The desire to kiss her was there, but it was tainted with humiliation. He reached out and traced his thumb over her bottom lip.

He wanted to devote the rest of his days to repentance, but in Galeia's eyes was a silent plea: Let me go.

She would never stay with him willingly. He would have to release her, and she would return to the man she'd chosen over him. The one she gave herself to with unrestrained passion.

Passion she would never show Ajo.

"Go," he said, hating the sound of his voice. "Go back to him."

"Are you satisfied?" She spat her words like poison, and her voice carried a blade to his heart.

"I will never be satisfied as long as you return to someone else." He paused before adding, "I've only ever wanted your love."

"You had it, just not in the way you wanted. Until today."

He was forced to dropped his gaze. He felt like a lump of nothing, like a bug, an insignificant nuisance destined to be crushed underfoot.

Galeia had come to him hoping to find a sliver of kindness. After what he had been so close to seeing through, there was no room in her heart for him. There never would be again.

He stepped away from the tree, giving her distance, and fell to his knees in defeat. The fire of passion had long left him and he wanted to beg her forgiveness, but his voice would not come.

He felt incredibly weak, like a child facing the dark.

Ajo waved his hand and the vines that bound Galeia fell to the snow.

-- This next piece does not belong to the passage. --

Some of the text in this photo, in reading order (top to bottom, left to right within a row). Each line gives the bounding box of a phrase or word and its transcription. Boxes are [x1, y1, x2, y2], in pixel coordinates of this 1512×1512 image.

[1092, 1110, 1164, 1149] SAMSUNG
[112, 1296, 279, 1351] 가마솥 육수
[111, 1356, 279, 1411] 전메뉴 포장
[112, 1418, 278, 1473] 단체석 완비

She winced as the thorns pulled from her skin, spilling more red as they left.

He expected her to attack.

He wished she would. Let her beat him, let her spit and bite. Let her end his life if she could.

He would not stop her.

She didn't move to strike, but smoothed her clothing back into place. The view of her skin through the holes in her clothing, which had once been tantalizing, now humiliated him. He wanted to bury into the ground like the rodent he was.

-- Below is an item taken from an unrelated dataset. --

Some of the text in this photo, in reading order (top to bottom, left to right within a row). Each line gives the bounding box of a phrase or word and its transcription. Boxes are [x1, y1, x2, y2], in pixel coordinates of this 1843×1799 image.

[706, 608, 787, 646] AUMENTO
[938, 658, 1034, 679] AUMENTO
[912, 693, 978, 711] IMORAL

Ajo spied something in her hand, and suddenly she was behind him. He opened his mouth to speak but his tongue was caught by severe pain.

A blade was in his neck. Ajo touched it and his fingers came away with red. He choked and sputtered but did not attempt to remove the weapon or answer her attack with his own.

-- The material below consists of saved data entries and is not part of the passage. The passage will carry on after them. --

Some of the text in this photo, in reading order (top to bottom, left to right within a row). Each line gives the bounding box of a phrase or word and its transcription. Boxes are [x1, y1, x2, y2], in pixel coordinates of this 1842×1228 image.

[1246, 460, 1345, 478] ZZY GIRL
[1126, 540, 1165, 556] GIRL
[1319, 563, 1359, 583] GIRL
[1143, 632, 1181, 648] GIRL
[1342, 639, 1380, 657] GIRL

He deserved this. He hoped the wound would somehow mark his end.

He fell onto his side, and the snow beneath him melted into red water as he listened to the crunch of Galeia's footsteps. From the corner of his eye he watched her limp to the sapling cradle and lift her child into her arms.

A voice echoed through the woods.

"Galeia!"

Her husband.

"Can you hear me? Galeia! Where are you?"

Galeia walked towards the voice, and her steps, proud and graceful, were like a queen's. In this simple action a message was sent:

I'm done with you forever.

In his mind, Ajo saw the woods watch as true nobility quit the scene of horror, leaving behind the pale imitation that looked after her helplessly. He knew she would return home and live on like nothing had happened. She would never call his name again, or desire to see him.

You deserve this, Lilith's voice whispered. Monster.

He curled into himself, praying for his life to drain away.

Hours had passed in seconds, and Ajo endured them in agony. As he wept he came to a decision, feeling that for the first time in his life he was making the right choice. He sent his energy through the woods, intending for it to reach the castle. He called for Fallow, his old friend and companion, in the stables. The stallion would come to him, and Ajo would lift himself onto the animal's back.

They would not return home. Ajo would never see his castle again.

Instead, they would venture into the world on a never-ending quest, alone and free.

He would forsake his throne and his kingdom. He would forget his mother and Galeia.

He would abandon the promise that bound Galeia's daughter to him.

The Ajo he was had died, he decided, and all that was left of the man was a red stain on the ground. It would be cleansed from the earth with the next gentle rain.

Footsteps approached, and with great struggle Ajo pulled himself to his knees.

"Fallow," he croaked, "help me, friend."

"Poor, pathetic creature, are you so resigned to die?"

He turned and his eyes fell on the feathered cowl and wretched face of the Gretch.